Data extracted from a collection

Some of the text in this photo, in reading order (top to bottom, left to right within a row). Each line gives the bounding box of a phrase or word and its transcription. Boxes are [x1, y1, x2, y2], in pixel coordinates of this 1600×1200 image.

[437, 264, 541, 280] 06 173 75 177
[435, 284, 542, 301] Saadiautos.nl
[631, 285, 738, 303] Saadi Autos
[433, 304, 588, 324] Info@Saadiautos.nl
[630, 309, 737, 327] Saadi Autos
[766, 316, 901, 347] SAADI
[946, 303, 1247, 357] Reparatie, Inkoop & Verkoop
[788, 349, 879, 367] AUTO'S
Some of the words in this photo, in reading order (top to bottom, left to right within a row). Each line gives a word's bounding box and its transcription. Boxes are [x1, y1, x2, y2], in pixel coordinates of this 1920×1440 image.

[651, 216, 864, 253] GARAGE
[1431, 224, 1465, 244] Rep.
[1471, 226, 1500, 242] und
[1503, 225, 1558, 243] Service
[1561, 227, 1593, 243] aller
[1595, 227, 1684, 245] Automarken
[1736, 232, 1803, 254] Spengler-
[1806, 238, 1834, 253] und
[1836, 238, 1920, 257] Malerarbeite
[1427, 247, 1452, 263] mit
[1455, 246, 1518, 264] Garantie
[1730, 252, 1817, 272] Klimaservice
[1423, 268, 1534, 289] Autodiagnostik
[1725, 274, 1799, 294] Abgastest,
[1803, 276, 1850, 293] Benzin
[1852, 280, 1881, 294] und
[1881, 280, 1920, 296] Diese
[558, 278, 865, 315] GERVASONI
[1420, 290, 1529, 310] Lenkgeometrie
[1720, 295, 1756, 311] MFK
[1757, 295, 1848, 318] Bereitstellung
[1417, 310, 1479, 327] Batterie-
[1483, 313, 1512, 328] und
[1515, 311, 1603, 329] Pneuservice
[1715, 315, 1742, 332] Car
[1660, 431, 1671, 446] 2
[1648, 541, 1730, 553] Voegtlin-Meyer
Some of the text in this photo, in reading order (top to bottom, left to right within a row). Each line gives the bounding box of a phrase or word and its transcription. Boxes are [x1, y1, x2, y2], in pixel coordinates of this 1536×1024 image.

→ **Problem requirements**
Please give back all of the data exactly as it appears.

→ **Exercise solution**
Some of the text in this photo, in reading order (top to bottom, left to right within a row). Each line gives the bounding box of a phrase or word and its transcription. Boxes are [x1, y1, x2, y2], in pixel coordinates of this 1600×1200 image.

[437, 264, 541, 280] 06 173 75 177
[435, 284, 542, 301] Saadiautos.nl
[631, 285, 738, 303] Saadi Autos
[433, 304, 588, 324] Info@Saadiautos.nl
[630, 309, 737, 327] Saadi Autos
[766, 316, 901, 347] SAADI
[946, 303, 1247, 357] Reparatie, Inkoop & Verkoop
[788, 349, 879, 367] AUTO'S
Some of the words in this photo, in reading order (top to bottom, left to right within a row). Each line gives a word's bounding box and its transcription. Boxes are [x1, y1, x2, y2], in pixel coordinates of this 1920×1440 image.

[651, 216, 864, 253] GARAGE
[1431, 224, 1465, 244] Rep.
[1471, 226, 1500, 242] und
[1503, 225, 1558, 243] Service
[1561, 227, 1593, 243] aller
[1595, 227, 1684, 245] Automarken
[1736, 232, 1803, 254] Spengler-
[1806, 238, 1834, 253] und
[1836, 238, 1920, 257] Malerarbeite
[1427, 247, 1452, 263] mit
[1455, 246, 1518, 264] Garantie
[1730, 252, 1817, 272] Klimaservice
[1423, 268, 1534, 289] Autodiagnostik
[1725, 274, 1799, 294] Abgastest,
[1803, 276, 1850, 293] Benzin
[1852, 280, 1881, 294] und
[1881, 280, 1920, 296] Diese
[558, 278, 865, 315] GERVASONI
[1420, 290, 1529, 310] Lenkgeometrie
[1720, 295, 1756, 311] MFK
[1757, 295, 1848, 318] Bereitstellung
[1417, 310, 1479, 327] Batterie-
[1483, 313, 1512, 328] und
[1515, 311, 1603, 329] Pneuservice
[1715, 315, 1742, 332] Car
[1660, 431, 1671, 446] 2
[1648, 541, 1730, 553] Voegtlin-Meyer
Some of the text in this photo, in reading order (top to bottom, left to right within a row). Each line gives the bounding box of a phrase or word and its transcription. Boxes are [x1, y1, x2, y2], in pixel coordinates of this 1536×1024 image.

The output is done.